Numerous recent reports have shown that consolidation of health care markets has resulted in higher health care prices. This study of California is particularly useful for observing the impact of consolidation because of the large size of the population and the successful implementation of the Affordable Care Act. In spite of ACA, reduced competition due to market concentration has resulted in higher prices and higher ACA premiums in most regions of the state.

The report concludes, "Consumers are paying prices for health care that are considerably above what a more competitive market would produce." The variations in prices and ACA premiums across the state "suggests regulatory and legislative solutions need to be implemented."

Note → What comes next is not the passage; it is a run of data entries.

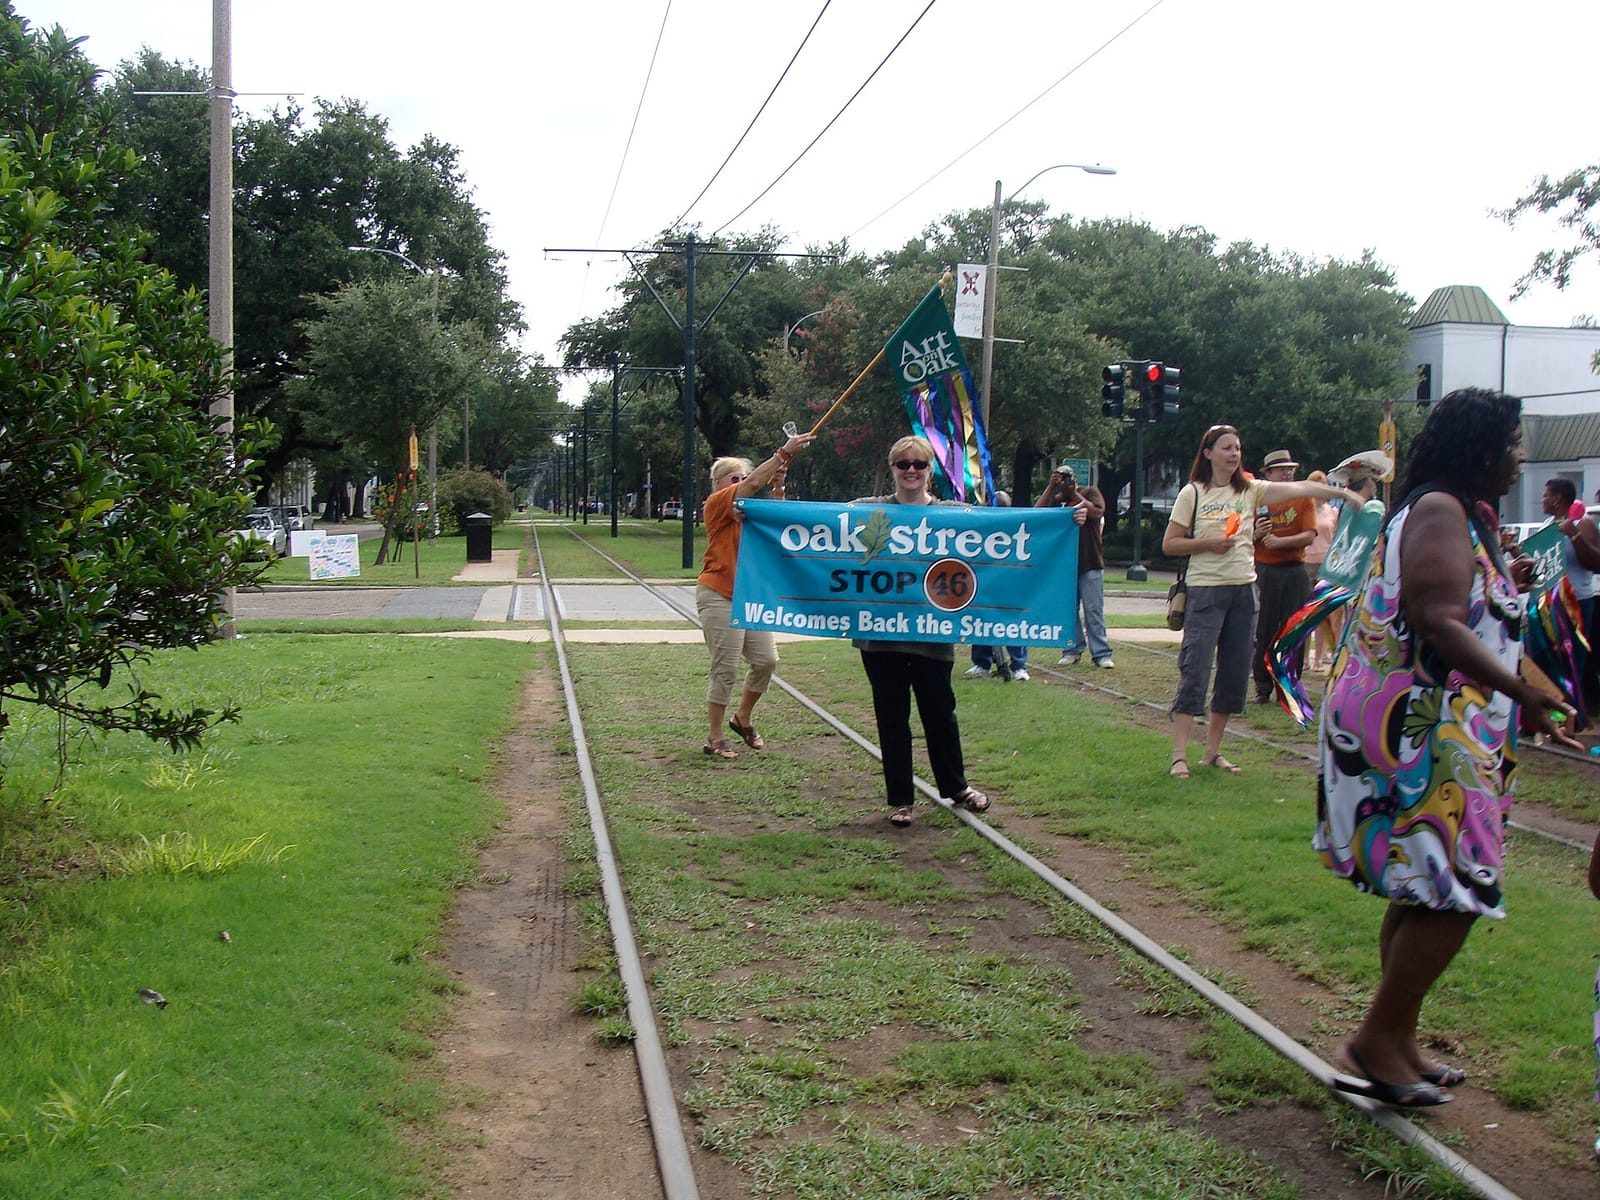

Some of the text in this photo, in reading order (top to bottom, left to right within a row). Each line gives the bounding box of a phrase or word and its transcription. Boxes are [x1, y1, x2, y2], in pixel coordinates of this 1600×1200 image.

[900, 331, 952, 367] Art
[903, 347, 960, 382] Oak
[922, 351, 938, 361] on
[780, 512, 1032, 561] oak street
[829, 569, 969, 598] STOP 46
[745, 602, 1063, 641] Welcomes Back the Streetcar

In a way this represents the primary flaw in the U.S. approach to health care financing - misplaced dependence on the dynamics of the private marketplace. The regulatory oversight and administered pricing of a well designed single payer national health program - an improved Medicare for all - is precisely what we need to overcome this. But the reaction of much of the policy community - academically and legislatively - is to look for policy solutions that would enhance private market competition. That has greatly contributed to the mess that we are in, and current incremental approaches such as establishing accountable care organizations (ACOs) and alternate payment models (APMs) will only make it worse.

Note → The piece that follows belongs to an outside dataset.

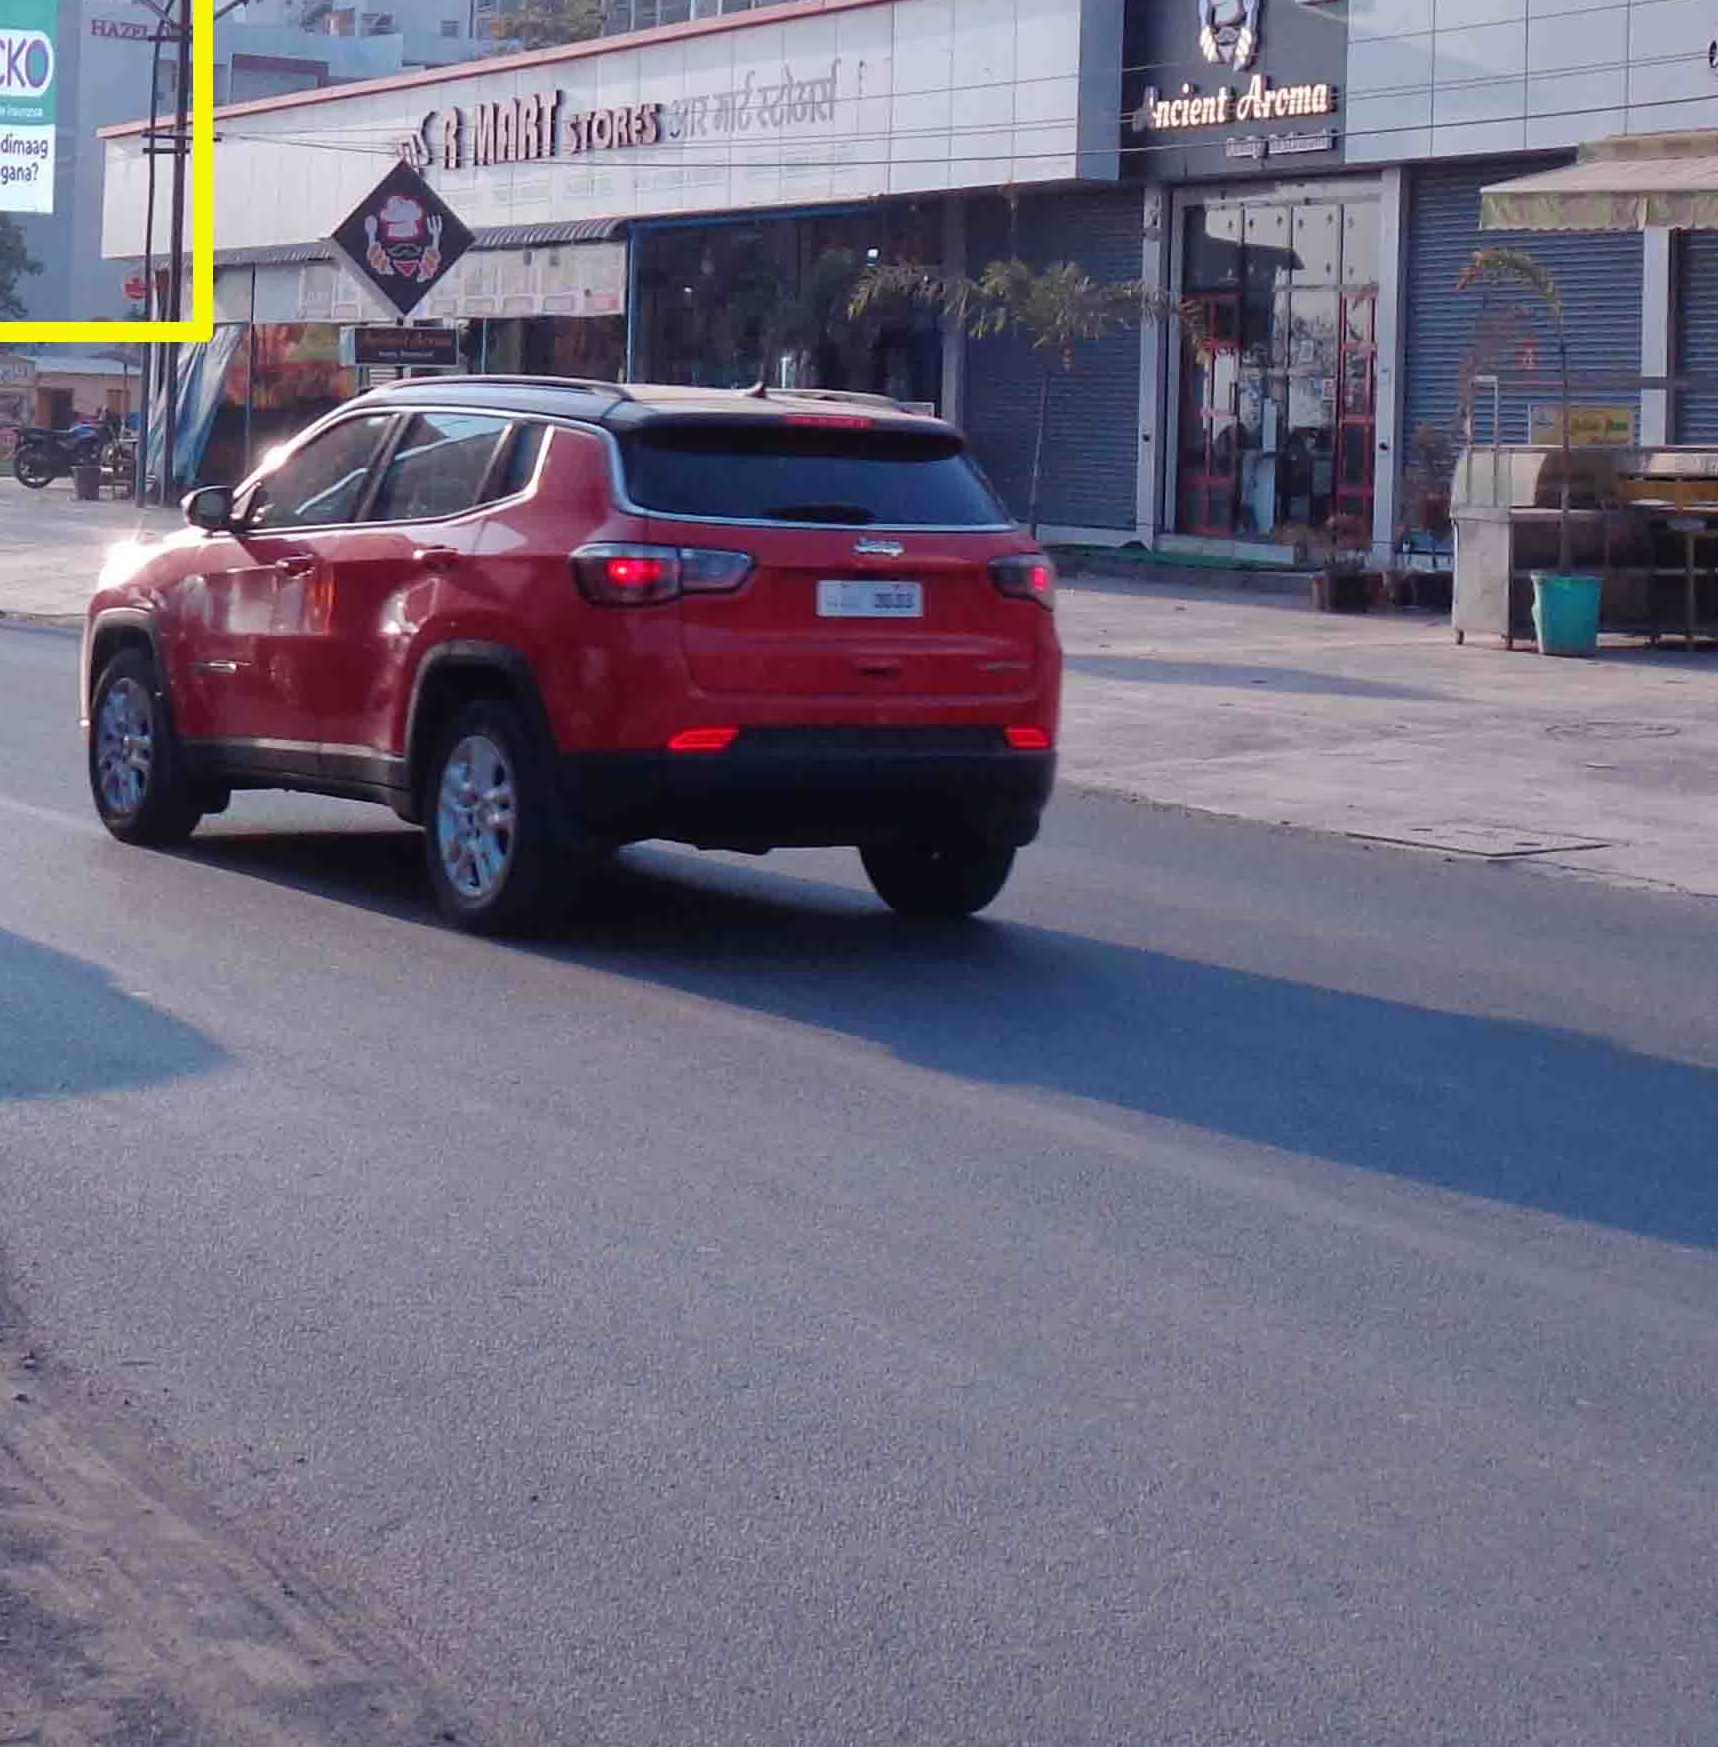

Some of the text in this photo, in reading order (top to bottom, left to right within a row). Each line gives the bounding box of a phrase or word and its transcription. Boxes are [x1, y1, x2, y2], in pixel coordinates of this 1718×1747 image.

[474, 90, 563, 166] MART
[566, 102, 665, 157] STORES
[1132, 74, 1329, 133] Ancient Aroma
[0, 133, 49, 160] dimaag

The single payer bill in California has been killed and replaced with a package of 14 bills (at last count), several of which are designed to enhance the markets. California's lesson? Don't go there. Other nations have better performing health care systems at a much lower cost, made possible through egalitarian public (government) policies. California should join with the rest of our nation in leading us also to health care justice for all through a national single payer Medicare for all program.